Florence Parly,
Ministère des armées •
7 sept. 2021Le déminage humanitaire (DH) constitue le 2ème des 5 piliers de l'action contre les mines définie par l'ONU. Au sein des forces armées françaises, c'est l'armée de terre qui est principalement impliquée dans le DH, via la présence de cadres militaires affectés de manière permanente dans deux centres de formation en Afrique (Bénin) et au Moyen-Orient (Liban). Créé avec le soutien de la France, le centre de perfectionnement aux actions de déminage et de dépollution du Bénin apporte conseil et assistance aux pays africains touchés par le problème des mines, des munitions non explosées et des engins explosifs improvisés (EEI). Ce centre dispense des formations au profit de programmes de déminage, de dépollution et d'opérations de sécurisation. L'école régionale de déminage humanitaire du Liban forme, selon les standards internationaux en vigueur, des spécialistes pour le même type de mission. Par le passé, des organismes humanitaires, dont des ONG, ont pu bénéficier de formations dispensées par l'école du génie de l'armée de terre d'Angers. Ces formations, qui étaient essentiellement tournées vers la protection contre le danger des mines et explosifs, ont été revues et adaptées en 2011 avec le pôle interarmées de traitement du danger des munitions et des explosifs. Dans le domaine du déminage, les formations ou informations qui se poursuivent par ailleurs au sein des organismes du génie, sont essentiellement destinées à du personnel des forces armées et à des fins opérationnelles.
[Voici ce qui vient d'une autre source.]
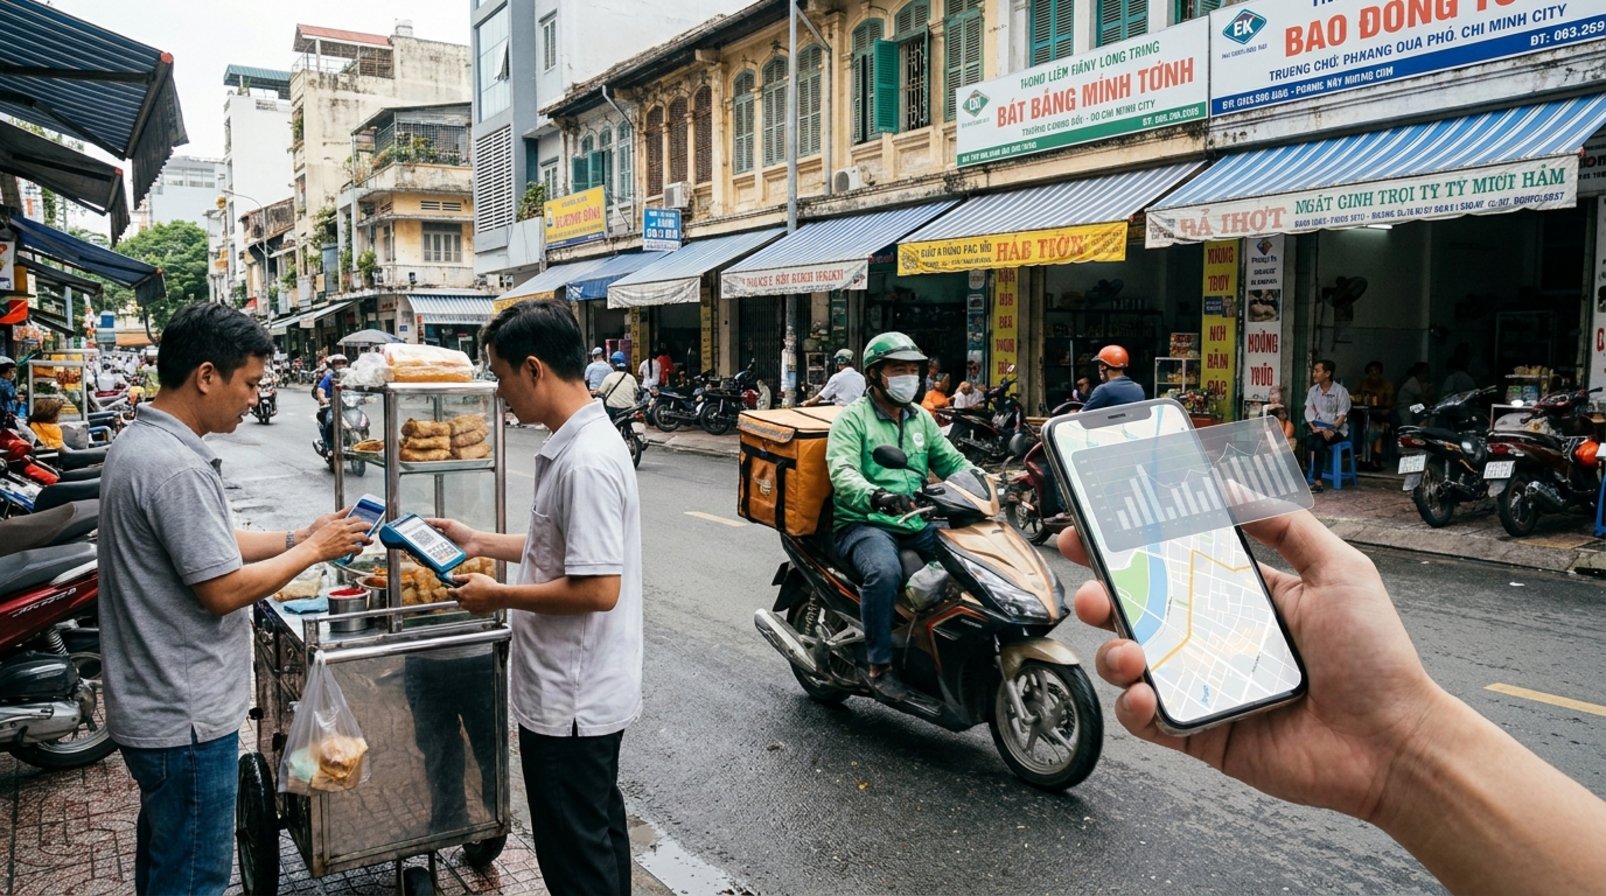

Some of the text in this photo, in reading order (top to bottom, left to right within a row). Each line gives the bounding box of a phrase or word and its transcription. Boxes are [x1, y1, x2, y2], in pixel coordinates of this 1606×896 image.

Au titre de la lutte contre les EEI, il existe également une coopération internationale et régionale, y compris avec Interpol, afin de prévenir le détournement, la perte et l'utilisation illicite de matériaux pouvant servir à fabriquer des EEI. La force Barkhane procède ainsi régulièrement à la recherche de caches et à la destruction de munitions, mines, produits explosifs, détonateurs utilisés pour la confection de ces engins.